1968 Adoption. (a) Same as section 917.01, Florida Statutes, except it was felt that court cannot by rule direct institution officials. Thus words, “he shall report this fact to the court which conducted the hearing. If the officer so reports” and concluding sentence, “No defendant committed by a court to an institution, by reason of the examination referred to in this paragraph, shall be released therefrom, without the consent of the court committing him,” should be omitted from the rule but retained by statute.

(b) Same as section 909.17, Florida Statutes.

(c) Same as section 917.02, Florida Statutes.

1972 Amendment. Subdivision (a)(3) refers to Jackson v. Indiana, 406 U.S. 715, 730, 92 S.Ct. 1845, 32 L.Ed.2d 435 (1972); also, United States v. Curry, 410 F.2d 1372 (4th Cir. 1969). Subdivision (d) is added to give the court authority to confine an insane person who is likely to cause harm to others even if the person is otherwise entitled to bail. The amendment does not apply unless the defendant contends that he or she is insane at the time of trial or at the time the offense was committed. The purpose of the amendment is to prevent admittedly insane persons from being at large when there is a likelihood they may injure themselves or others.

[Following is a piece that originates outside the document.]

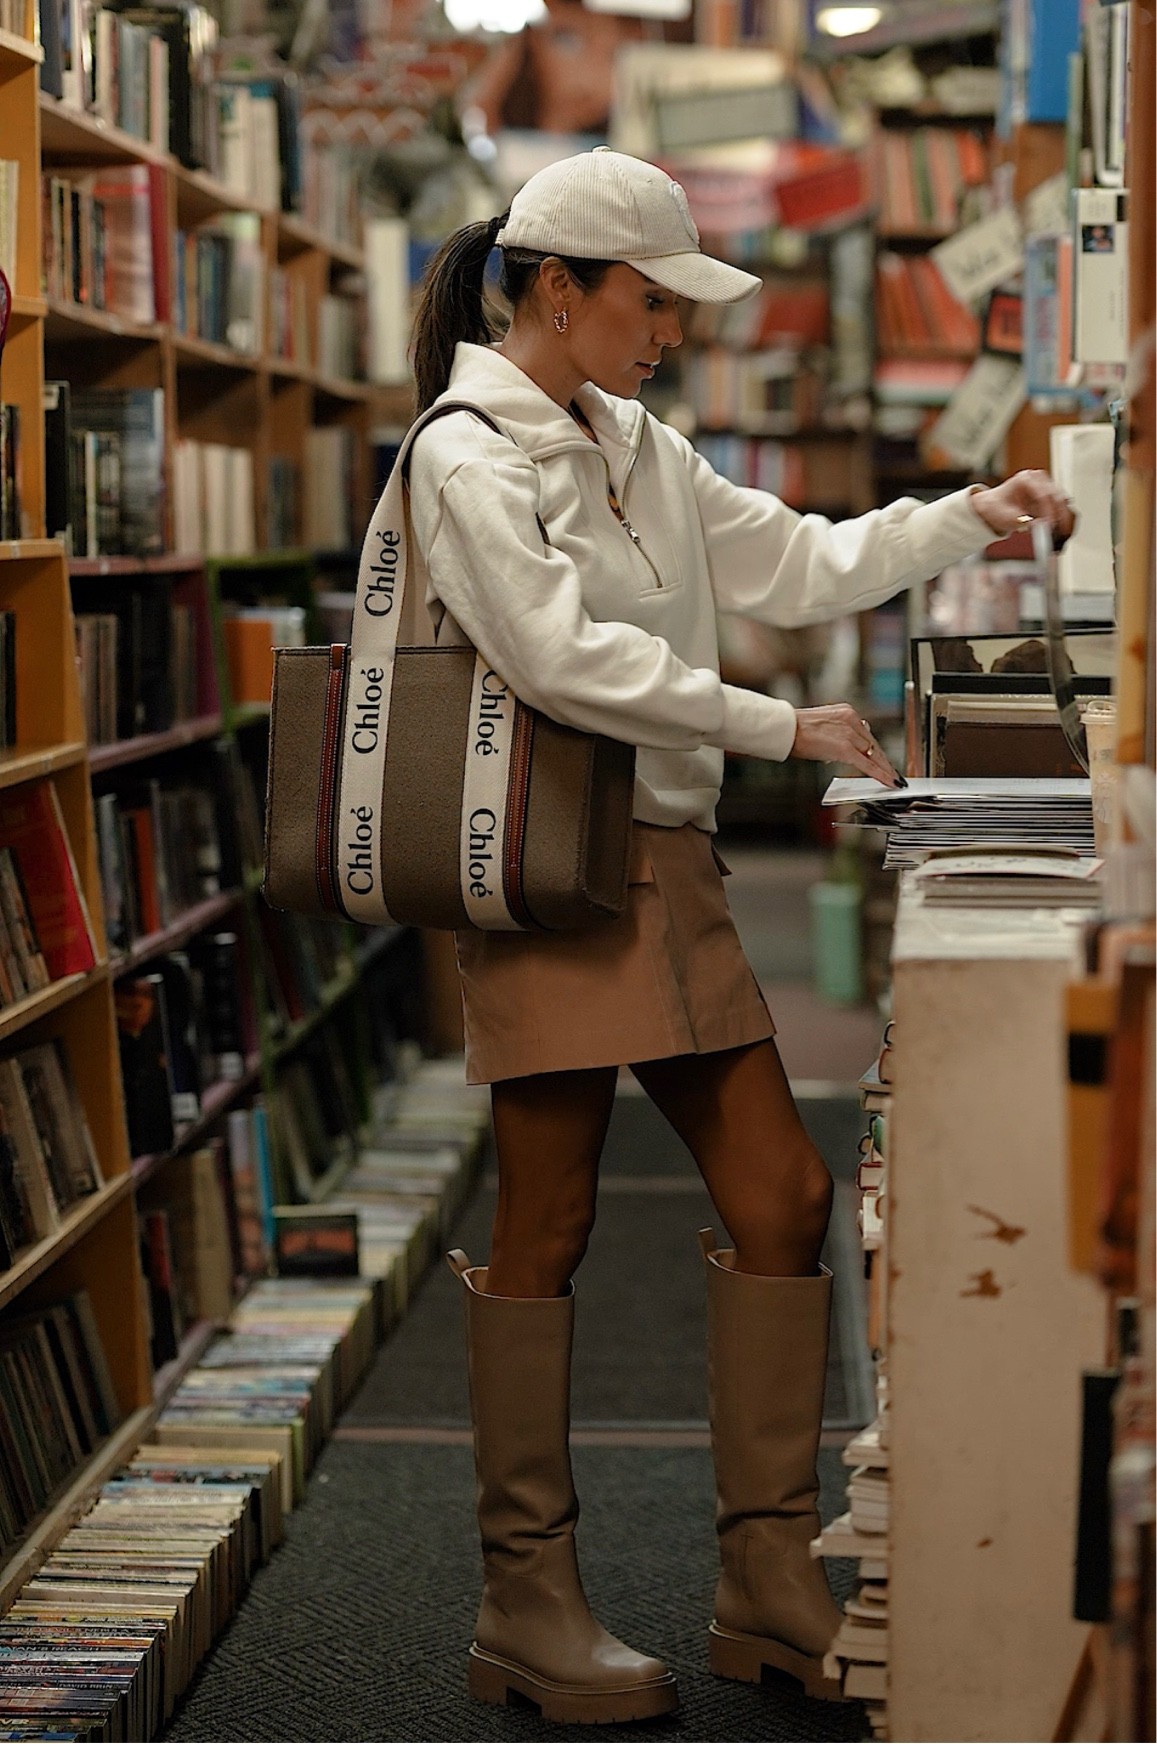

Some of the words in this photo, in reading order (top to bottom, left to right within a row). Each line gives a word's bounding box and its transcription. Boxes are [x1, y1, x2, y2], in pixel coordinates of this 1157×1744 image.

1977 Amendment. This language is taken, almost verbatim, from existing rule 3.210(a). The word “insane” is changed to reflect the new terminology, “competence to stand trial.” The definition of competence to stand trial is taken verbatim from the United States Supreme Court formulation of the test in Dusky v. United States, 362 U.S. 402, 80 S.Ct. 788, 4 L.Ed.2d 824 (1960).

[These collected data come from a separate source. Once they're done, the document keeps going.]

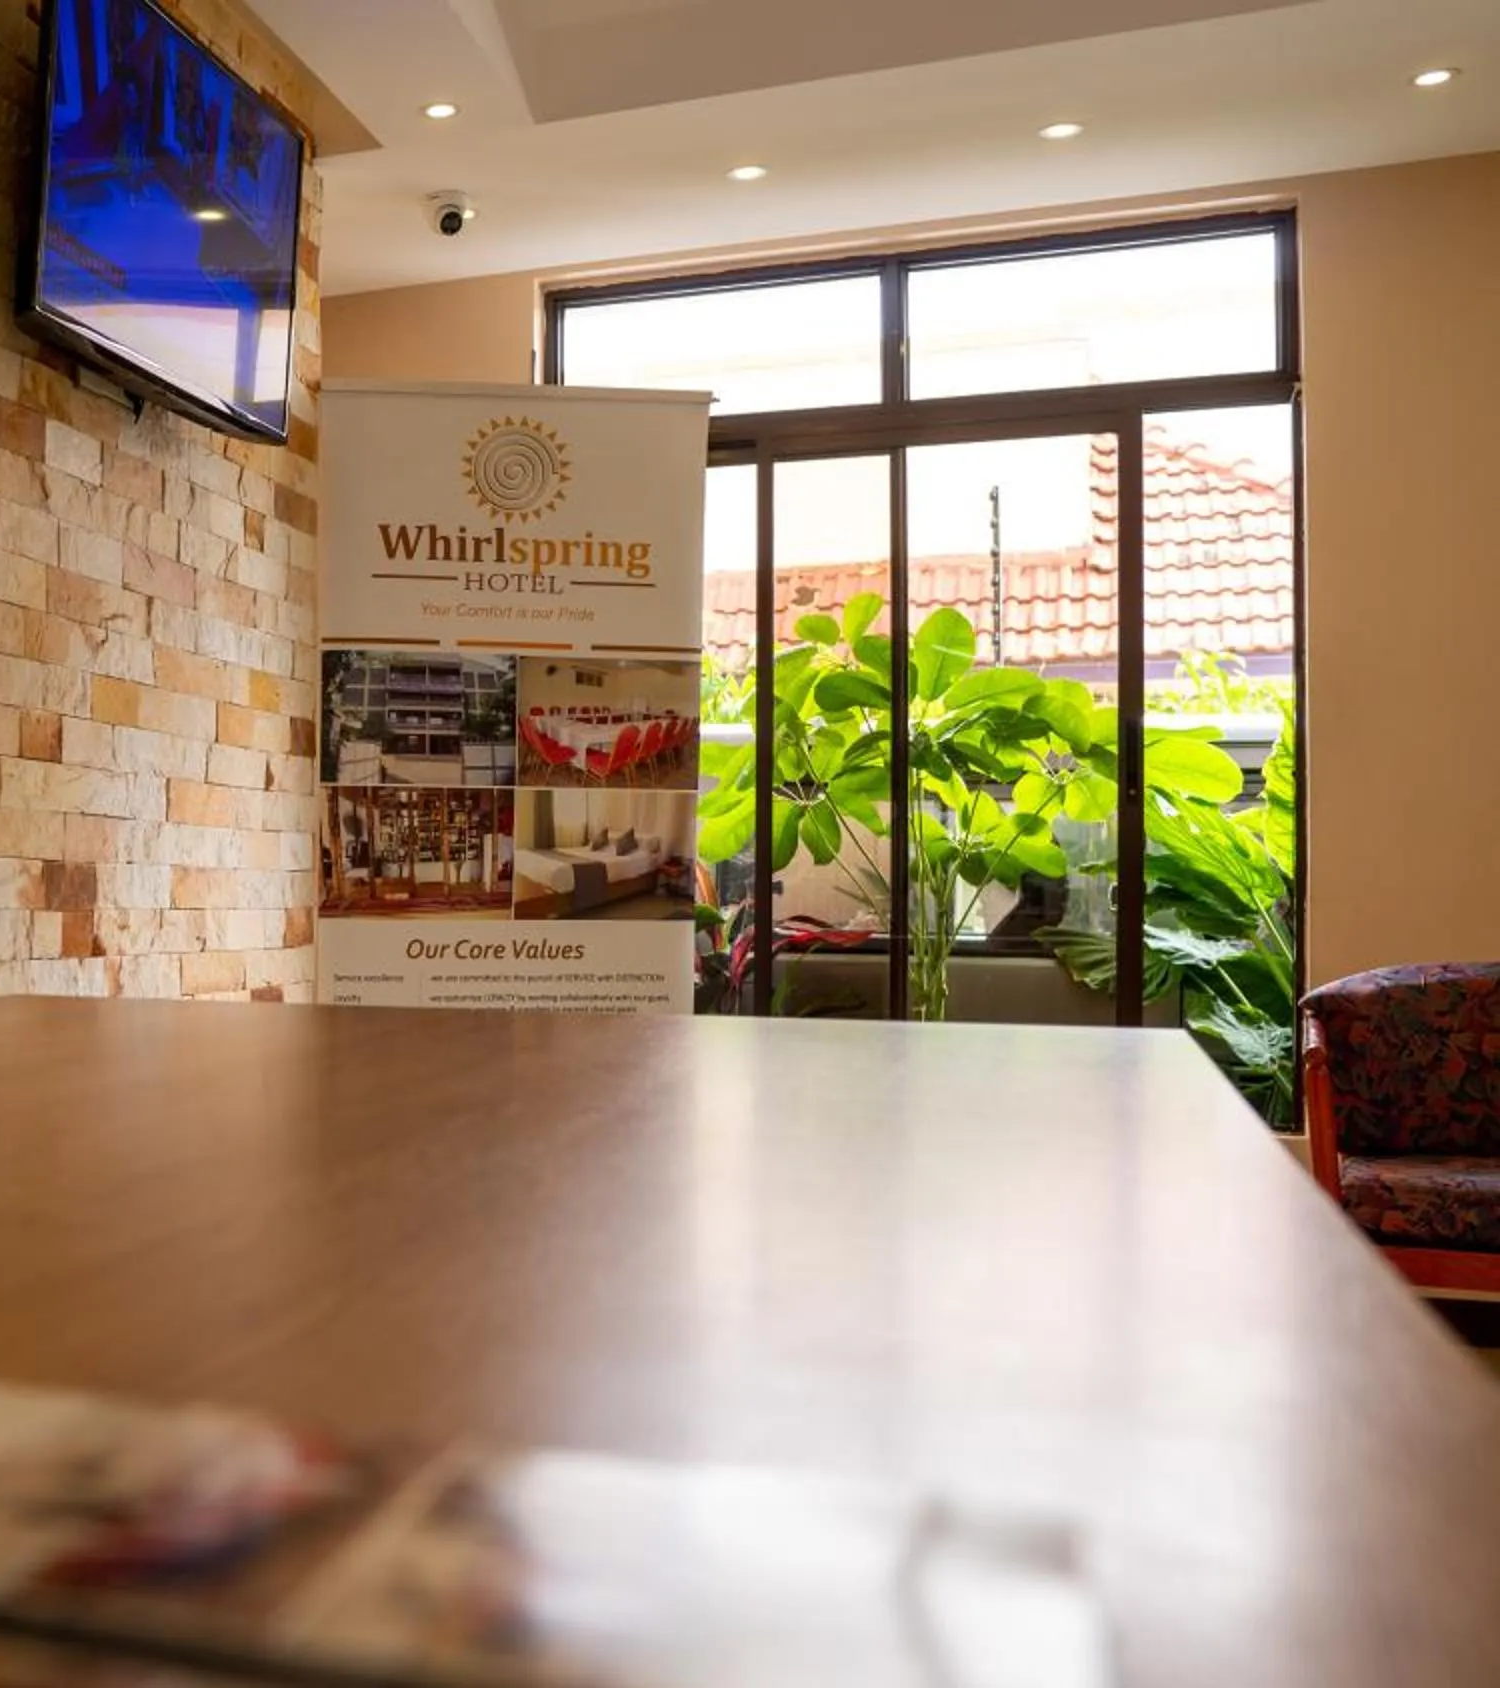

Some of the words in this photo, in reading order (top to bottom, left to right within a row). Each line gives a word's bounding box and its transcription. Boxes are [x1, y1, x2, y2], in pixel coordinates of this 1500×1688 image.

[377, 523, 652, 580] Whirlspring
[463, 571, 565, 596] HOTEL
[420, 602, 452, 617] Your
[455, 602, 513, 619] Comfort
[516, 606, 527, 619] is
[531, 608, 553, 620] our
[557, 606, 595, 622] Pride
[406, 939, 449, 960] Our
[454, 939, 505, 960] Core
[512, 938, 585, 961] Values
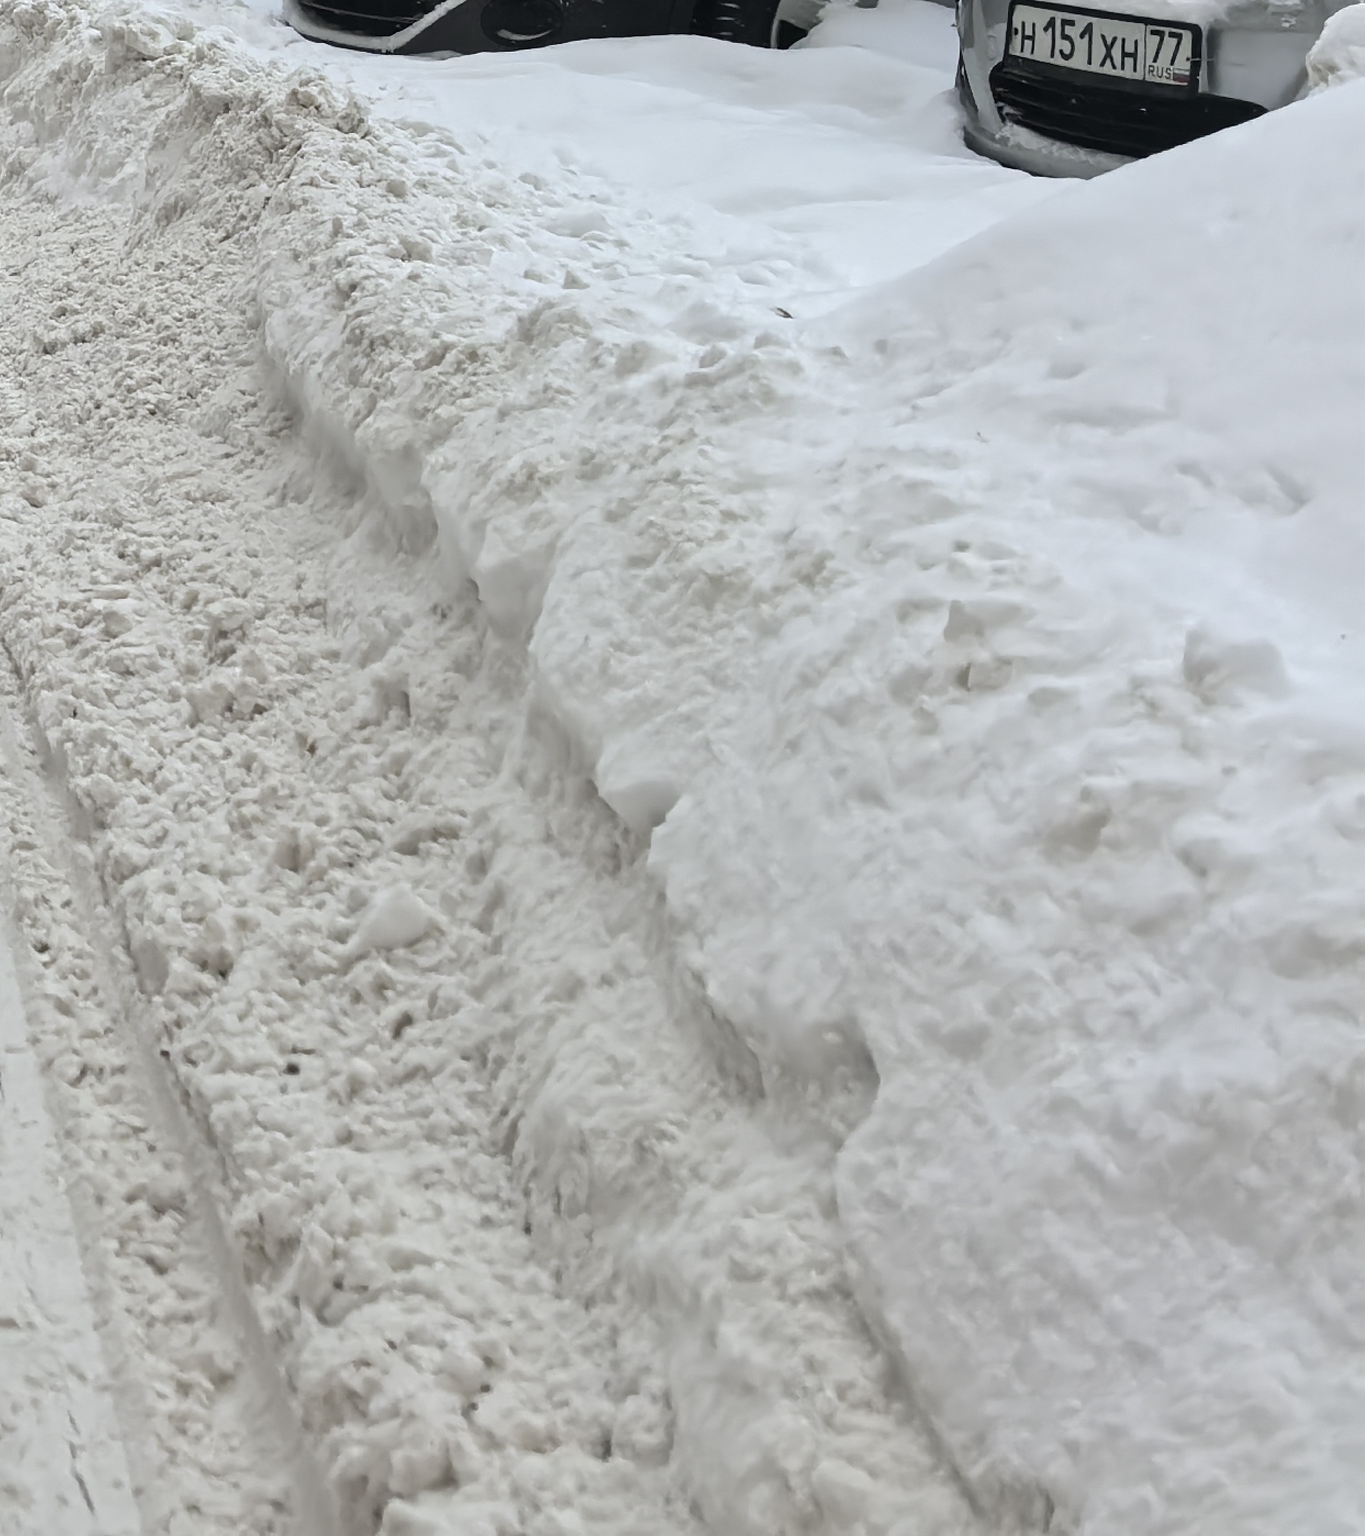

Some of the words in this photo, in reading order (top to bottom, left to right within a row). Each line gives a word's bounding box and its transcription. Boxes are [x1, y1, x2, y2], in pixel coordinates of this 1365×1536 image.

[1020, 16, 1139, 73] Н151ХН
[1149, 29, 1183, 66] 77
[1147, 64, 1172, 80] RUS

(a)(2) The first part of this paragraph is taken, almost verbatim, from the existing rule. The right of counsel for the state to move for such examination has been added.

(b)(1) In order to confine the defendant as incompetent to stand trial, the defendant must be confined under the same standards as those used for civil commitment. These criteria were set forth in the recent U.S. Supreme Court case of Jackson v. Indiana, 406 U.S. 715, 92 S.Ct. 1845, 32 L.Ed.2d 435 (1972), in which it was held to be a denial of equal protection to subject a criminal defendant to a more lenient commitment standard than would be applied to one not charged with a crime. Therefore, the criteria for involuntary civil commitment should be incorporated as the criteria for commitment for incompetence to stand trial.

In this subdivision is found the most difficult of the problems to resolve for the rule. The head-on conflict between the Department of Health and Rehabilitative Services, a part of the executive branch of the government, and the courts occurs when the administrator determines that a defendant no longer should be confined, but the trial judge does not wish the defendant released because the trial judge feels that further commitment is necessary. Under the civil commitment model, the administrator has the power to release a committed patient at such time as the administrator feels the patient no longer meets the standards for commitment. Obviously, since a defendant in a criminal case is under the jurisdiction of the court, such immediate release is unwarranted.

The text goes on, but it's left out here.